Para as empresas, as novas barreiras comerciais podem elevar custos de produção, pressionar os preços ao consumidor e comprometer cadeias de suprimentos que ainda dependem de fornecedores brasileiros, justamente em um momento de reorganização industrial nos Estados Unidos.
As manifestações foram apresentadas antes do início das audiências públicas promovidas pelo USTR sobre a proposta tarifária. O órgão conduz a investigação que avalia se práticas atribuídas ao governo brasileiro estariam restringindo ou onerando o comércio com empresas americanas.
Cada empresa defende produtos brasileiros considerados estratégicos
A Tesla solicitou a exclusão de insumos industriais utilizados na produção de veículos elétricos, baterias e sistemas de robótica. Segundo a companhia, a substituição desses materiais por fornecedores domésticos ainda exige investimentos e tempo, o que torna uma elevação imediata das tarifas prejudicial para a indústria americana.
A Nestlé pediu que a lista de exceções inclua café solúvel e colágeno bovino produzidos no Brasil. A empresa argumenta que o café não é cultivado comercialmente em escala suficiente no território continental dos EUA e que a oferta doméstica de colágeno não atende à demanda da indústria de alimentos, saúde e bem-estar.

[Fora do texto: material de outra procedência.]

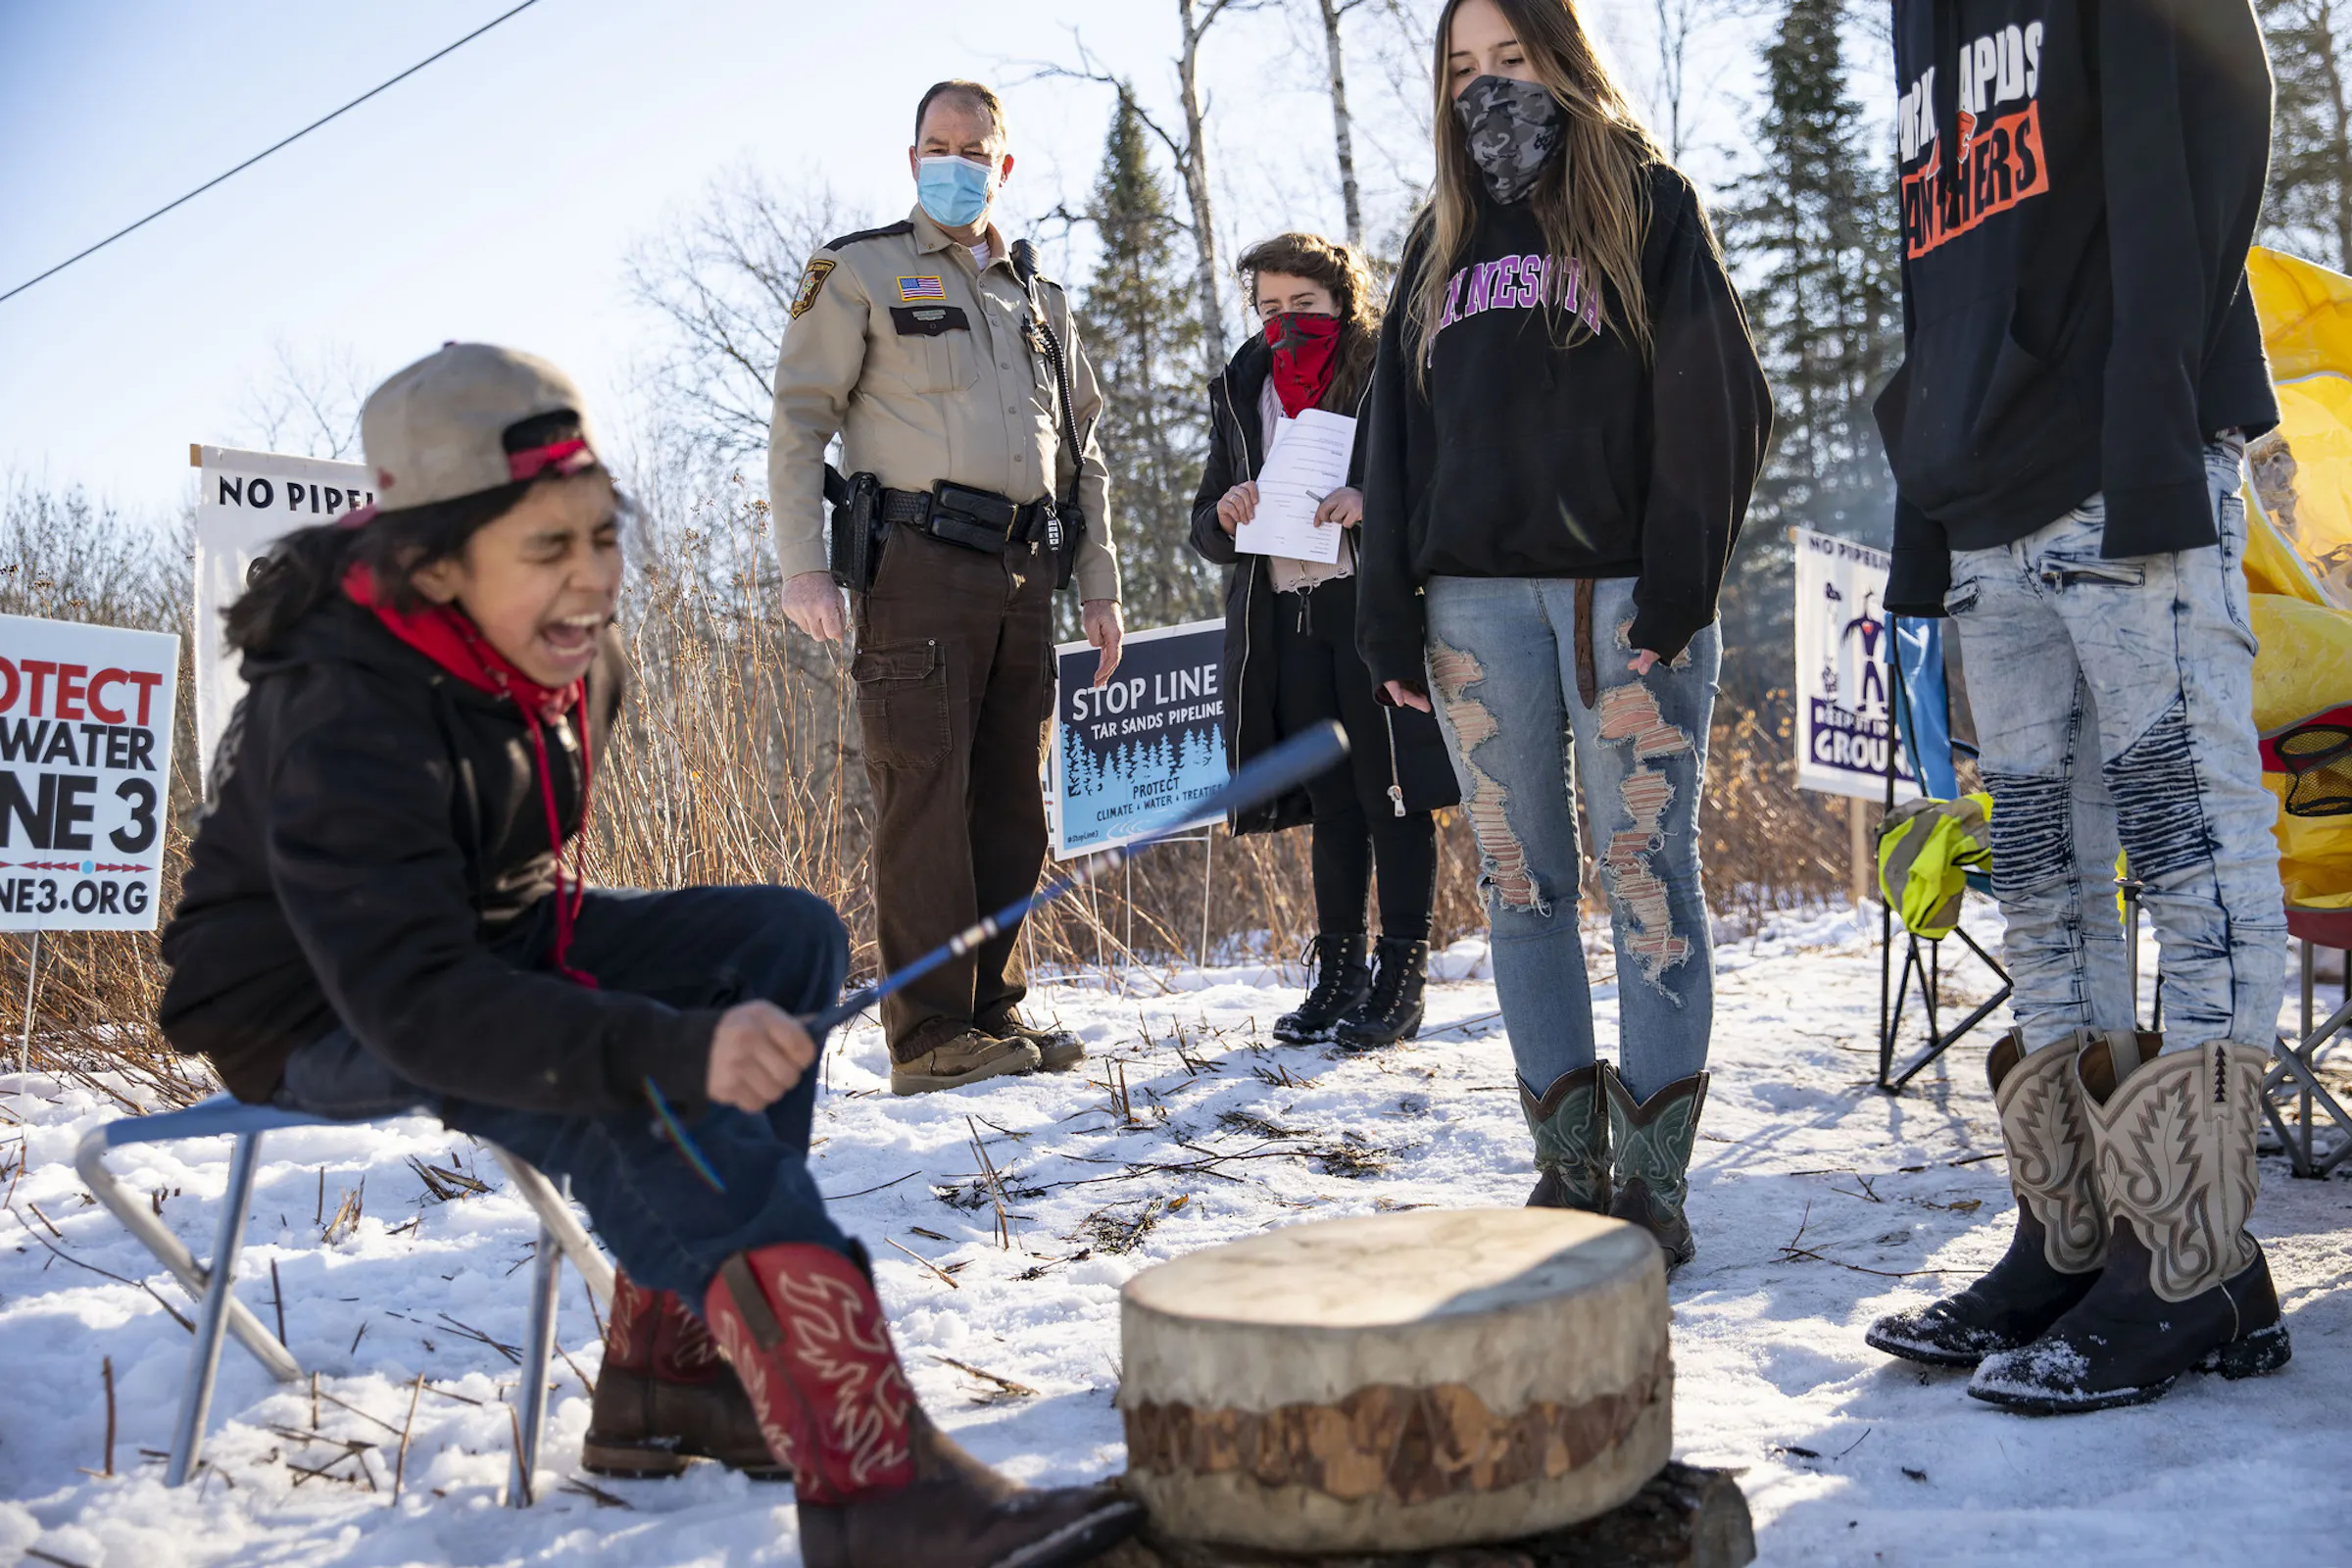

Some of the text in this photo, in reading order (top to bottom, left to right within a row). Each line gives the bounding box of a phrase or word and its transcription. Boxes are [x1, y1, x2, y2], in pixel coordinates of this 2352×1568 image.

A Coca-Cola defendeu a manutenção da isenção prevista para o suco de laranja brasileiro e solicitou que limão e derivados também fiquem fora das novas tarifas. A companhia lembra que a produção de cítricos na Flórida sofreu forte retração nas últimas décadas devido a doenças e pragas, tornando o Brasil um fornecedor relevante para abastecer o mercado americano.
Já o eBay propôs uma isenção específica para produtos brasileiros usados e seminovos, argumentando que a cobrança de tarifas sobre mercadorias de segunda mão penalizaria pequenos vendedores, aumentaria a burocracia alfandegária e afetaria consumidores que buscam alternativas de menor custo.

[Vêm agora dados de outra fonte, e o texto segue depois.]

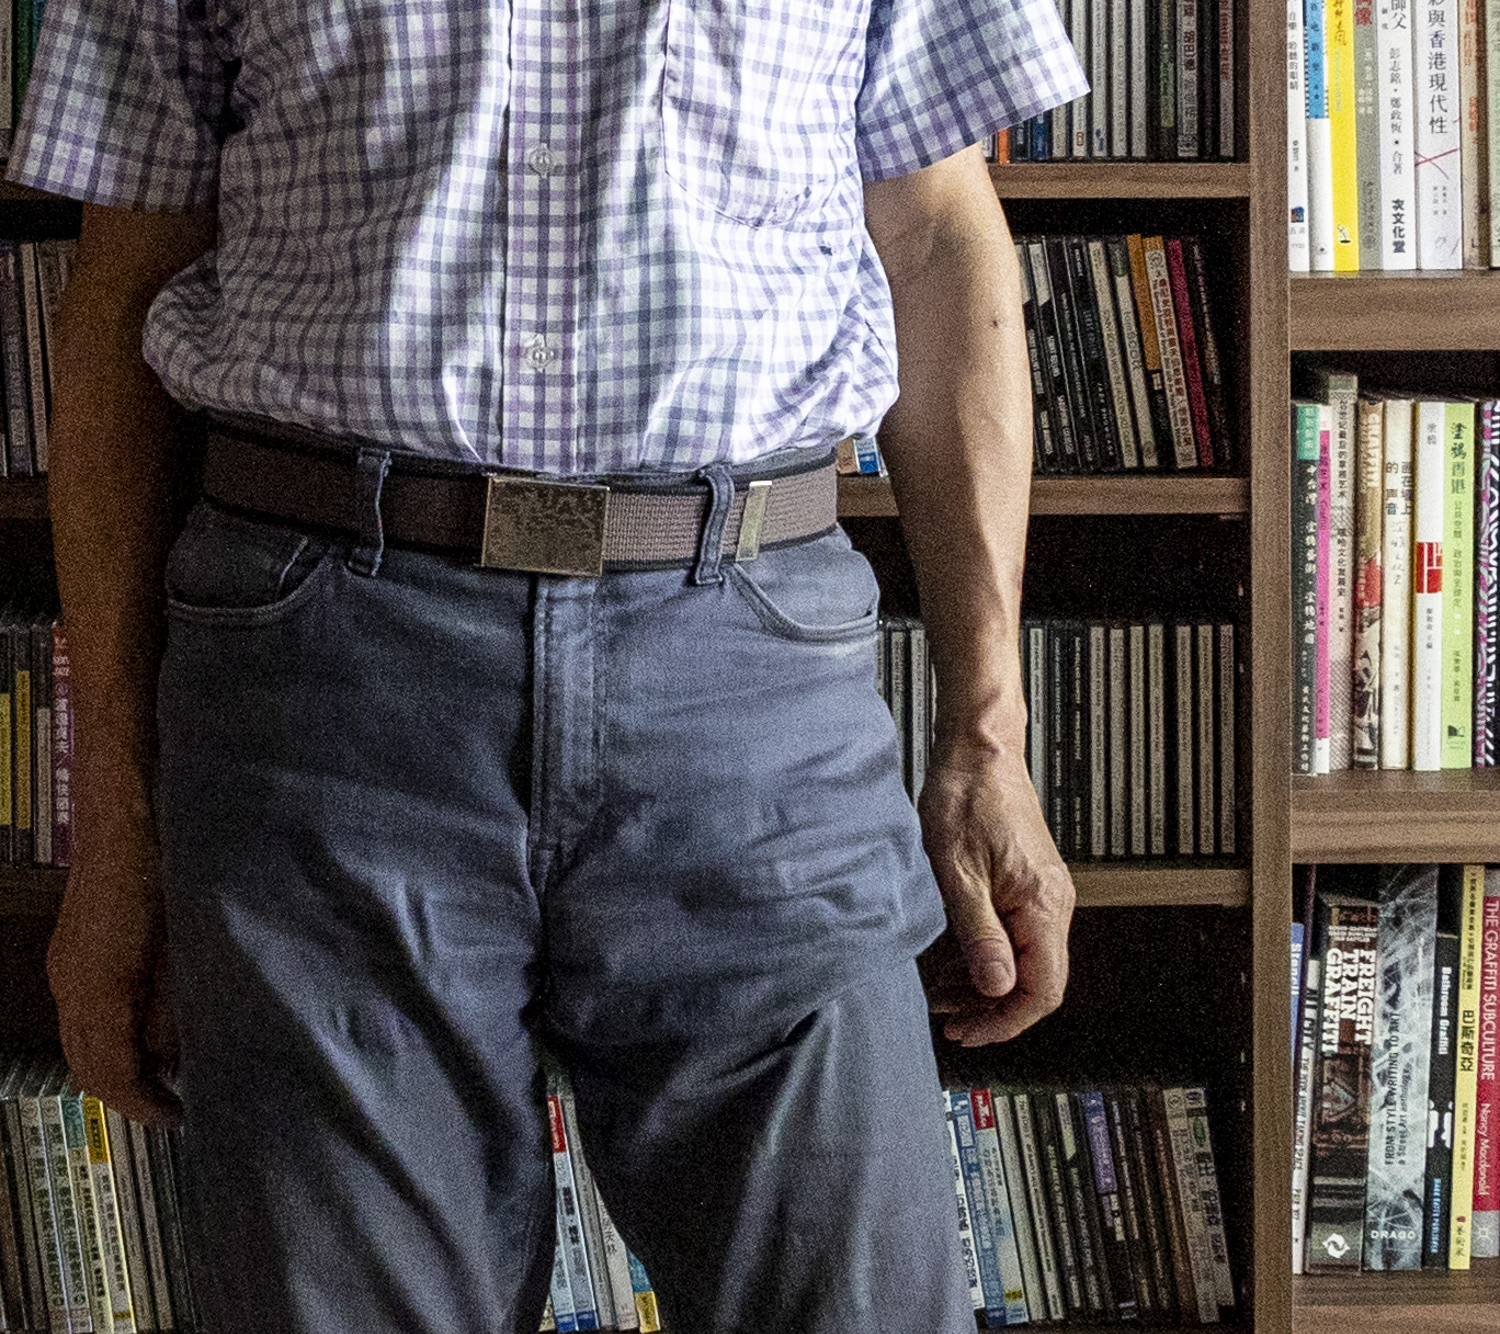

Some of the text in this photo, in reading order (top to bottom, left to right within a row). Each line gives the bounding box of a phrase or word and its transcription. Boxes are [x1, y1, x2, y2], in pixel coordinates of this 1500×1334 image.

[1323, 948, 1342, 1056] GRAFFITI
[1340, 949, 1359, 1022] TRAIN
[1355, 949, 1377, 1046] FREIGHT
[1438, 966, 1452, 1056] Bathroom Graffiti
[1476, 901, 1499, 1197] THE GRAFFITI SUBCULTURE Nancy Macdonald
[1370, 1229, 1416, 1241] DRAGO

Debate comercial ocorre em meio à tensão diplomática
A discussão sobre as tarifas acontece em um momento de maior desgaste nas relações entre Brasil e Estados Unidos. Paralelamente às audiências do USTR, documentos do Ministério das Relações Exteriores indicam preocupação do governo brasileiro com a escalada das tensões após decisões recentes da administração Donald Trump, incluindo medidas relacionadas ao combate a organizações criminosas brasileiras.

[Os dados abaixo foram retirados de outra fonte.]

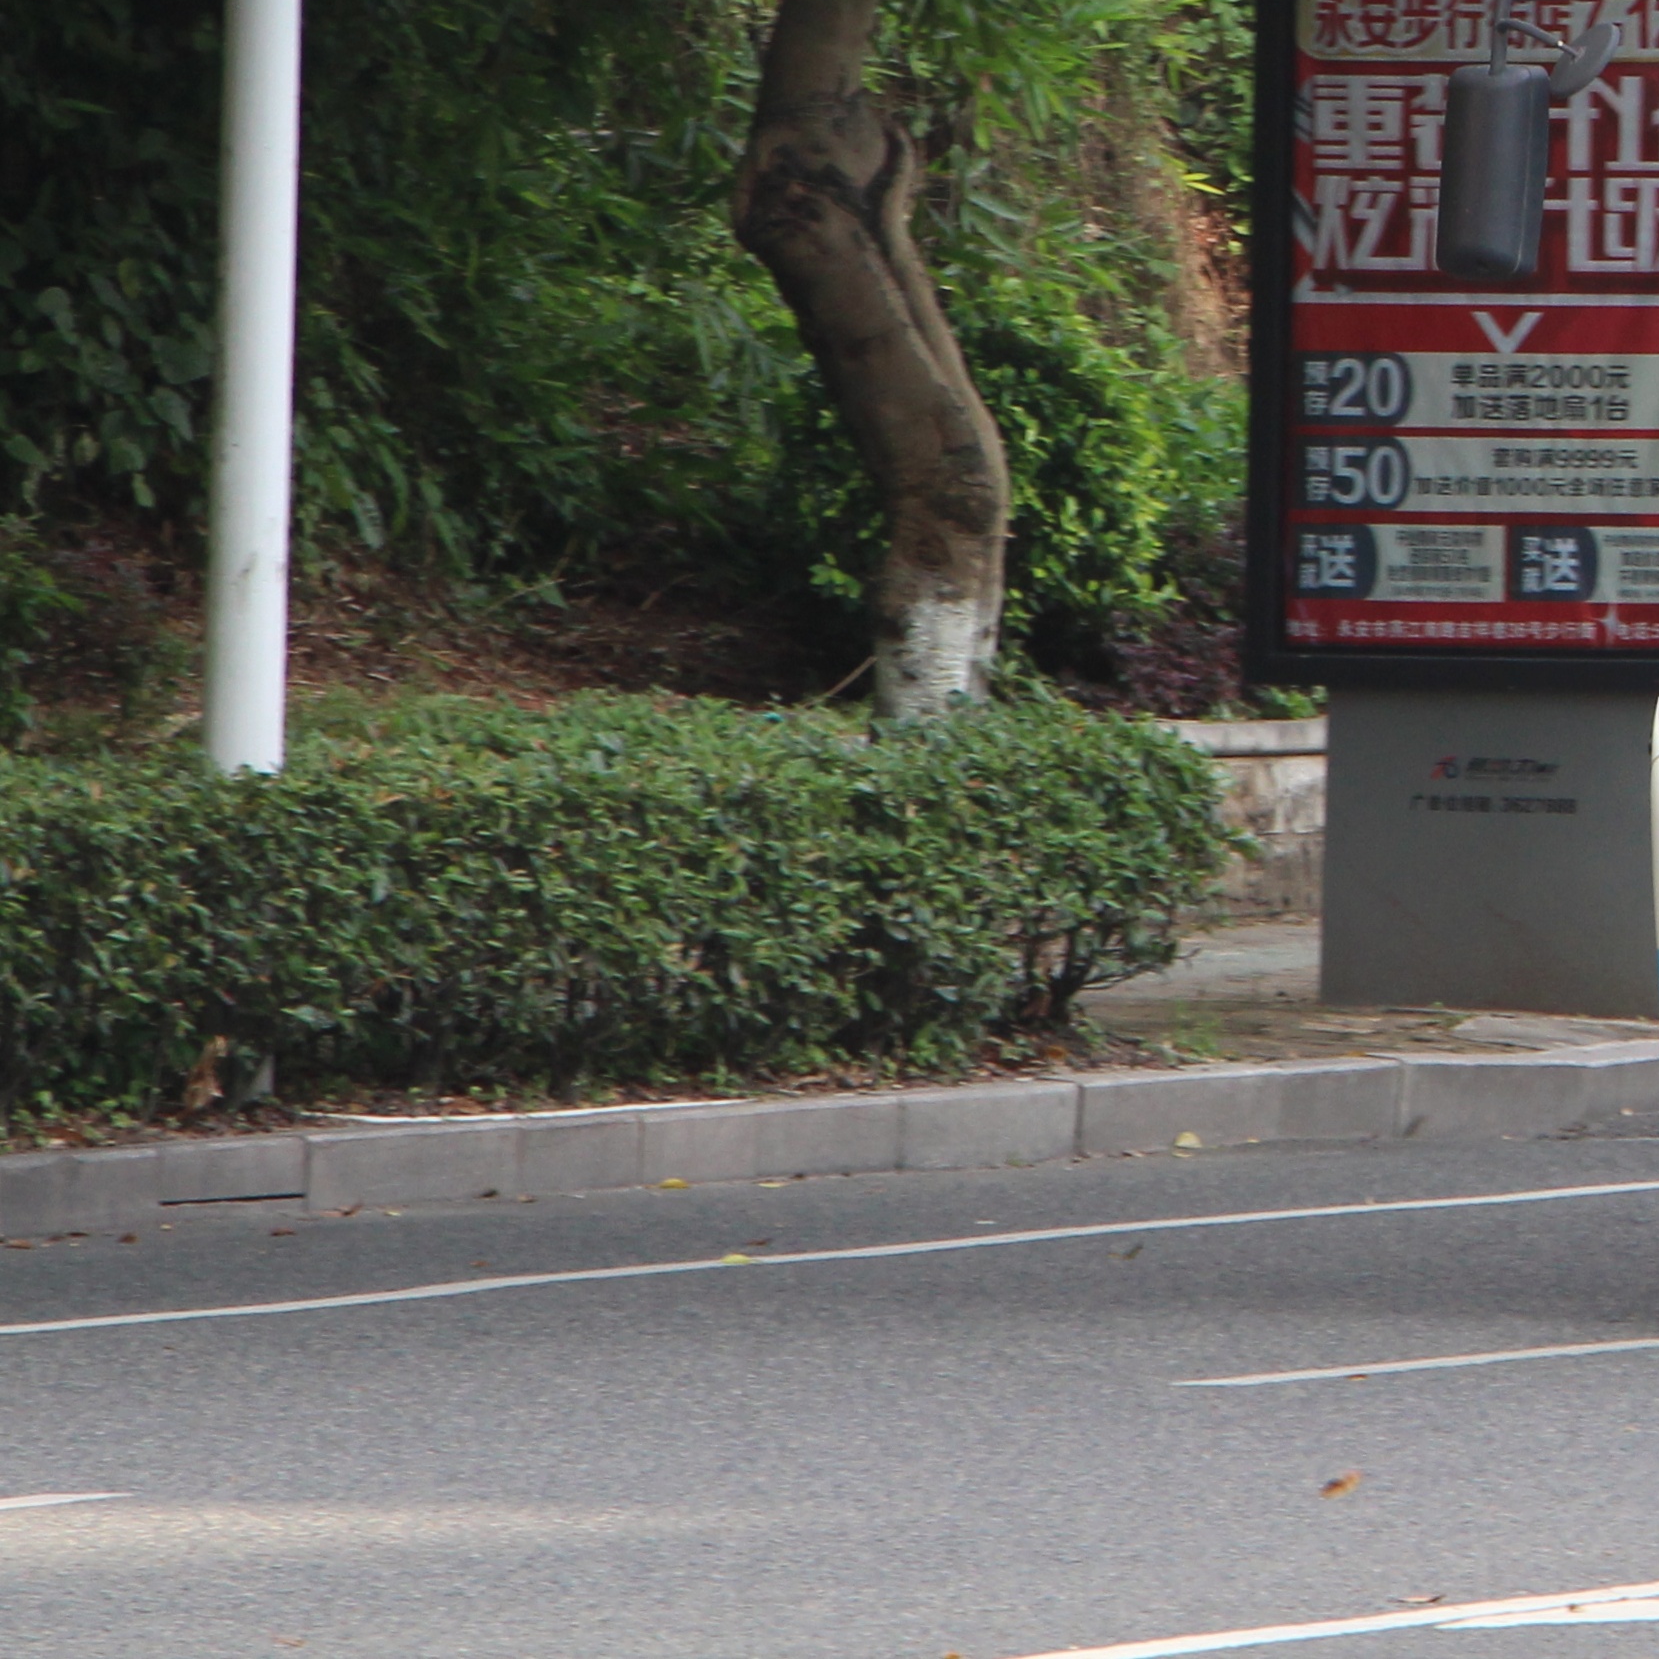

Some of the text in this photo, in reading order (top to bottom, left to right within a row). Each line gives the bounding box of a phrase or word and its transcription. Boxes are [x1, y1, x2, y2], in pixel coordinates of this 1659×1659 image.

[1329, 357, 1403, 418] 20
[1451, 363, 1631, 389] 单品满2000元
[1331, 445, 1404, 505] 50

Apesar desse ambiente político, as manifestações das empresas concentram-se nos efeitos econômicos das tarifas. O argumento comum é que restringir importações brasileiras não afetaria apenas exportadores do Brasil, mas também aumentaria custos para fabricantes americanos, reduziria a competitividade da indústria dos EUA e poderia pressionar os preços pagos pelos consumidores.